В этом кратком - хотя на фоне других персонажей язык Эдуарда, этого "земного бога", воспринимается чуть ли не как философский трактат - разъяснении сконцентрирована суть "посткапитализма". Д’Агата не только откровенно высмеивает современных буржуазных теоретиков, прогнозирующих будущее своего общества как "капитализм без капиталистов", как систему "всеобщего благоденствия и демократии", он идет дальше и глубже, подвергая беспощадному анализу основополагающие догмы этих построений. Так мы узнаем, что "демократия" этого "капитализма без капиталистов" заключается в том, что все граждане, начиная от самого папы, обязаны значительную часть потребляемых товаров немедленно отправлять на помойку, даже не раскрывая роскошной оболочки. Однако данное понятие "демократии" отнюдь не предполагает равенства: для пополнения личного ассортимента отбросов супруга папы ездит по магазинам в автопоезде, кардиналы - на грузовиках с прицепом, а сошки помельче - в фургонах или на мотоциклах с маленькой коляской; по размерам же личного кладбища вещей определяется и социальная значимость их владельцев. А потому чудовищно логичны "мечты" Елизаветы, жены Рикки, о тех днях, когда она сама поднимется на высшую ступень общества: "…Твоя жена сможет покупать больше всех. Каждый день ездить в торговый центр на грузовике с прицепом. Каждый день привозить оттуда столько, ого-го, сколько никто не привозит, - вот высший о’кей. Для этого надо быть папской женой. Я как вижу на улице белый автопоезд с папским гербом, так плачу - ууу - от умиления".

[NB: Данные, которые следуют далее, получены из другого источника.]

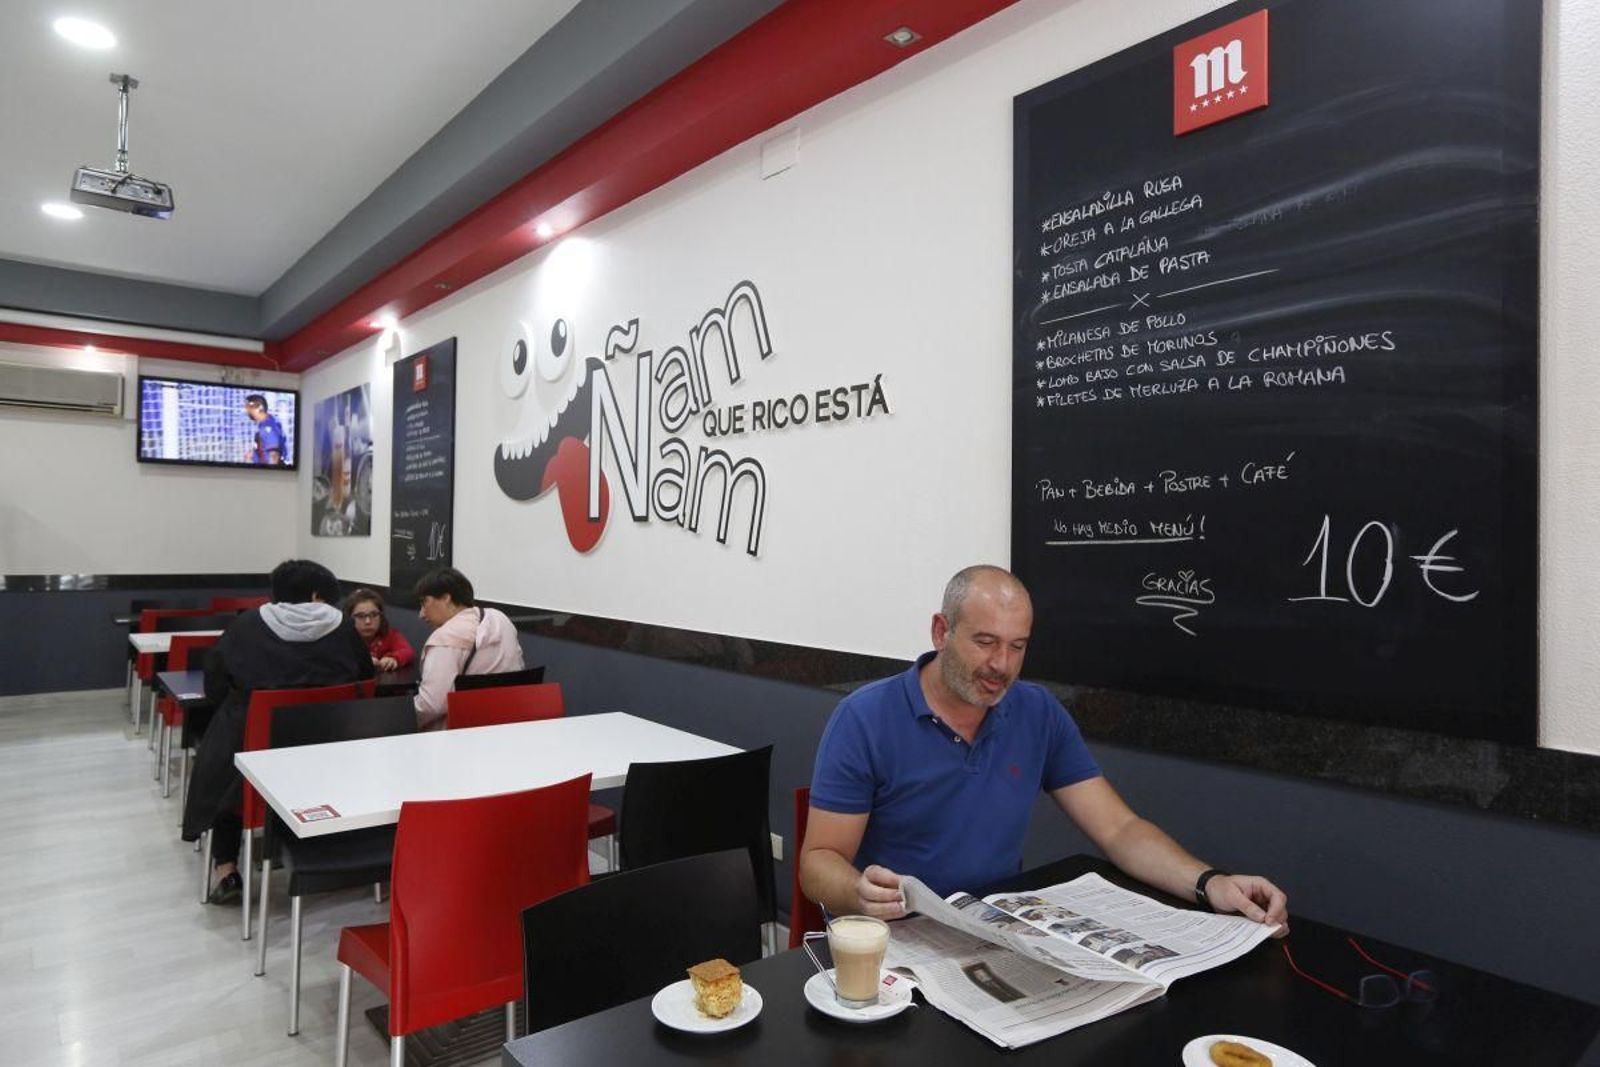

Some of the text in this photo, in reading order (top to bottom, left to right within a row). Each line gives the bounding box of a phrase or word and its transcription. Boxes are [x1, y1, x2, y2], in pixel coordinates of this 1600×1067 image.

[1143, 175, 1183, 198] RUSA
[1053, 194, 1202, 254] OREJA A LA GALLEGA
[1051, 258, 1088, 279] TOSTA
[1053, 251, 1211, 299] ENSALADA DE PASTA
[1117, 320, 1140, 335] DE
[1146, 313, 1186, 329] POLLO
[1120, 344, 1139, 357] DE
[1148, 331, 1218, 354] MORUNOS
[1086, 370, 1119, 382] BAJO
[1126, 363, 1153, 376] CON
[1160, 355, 1206, 372] SALSA
[1216, 350, 1236, 366] DE
[1103, 388, 1122, 400] DE
[1129, 378, 1199, 398] MERLUZA
[1208, 377, 1220, 391] A
[1228, 376, 1252, 390] LA
[1263, 366, 1346, 388] ROMANA
[703, 373, 890, 438] QUE RICO ESTÁ
[1159, 470, 1212, 494] POSTRE
[1290, 514, 1480, 608] 10 €

Хотелось бы, чтобы от читателя не ускользнул и другой принципиально важный момент: в "капитализме без капиталистов" единственным институтом реальной власти остается церковь. Но какая! Д’Агата решительно вычеркивает из арсенала "религии помойки" все без исключения христианские гуманистические постулаты, оставляя церкви лишь две функции: беспощадного подавления еретиков (самым "страшным" представителем инакомыслия в романе оказывается некий безработный, укравший с помойки пару ботинок) и регулирования процесса "потребление - помойка".
Что это: всплеск воинствующего атеизма или же сатирически заостренная констатация нравственного, духовного разложения современной католической церкви, которая в прошлом, при всех трагических издержках, внесла тем не менее свой вклад в становление и развитие гуманистической культуры?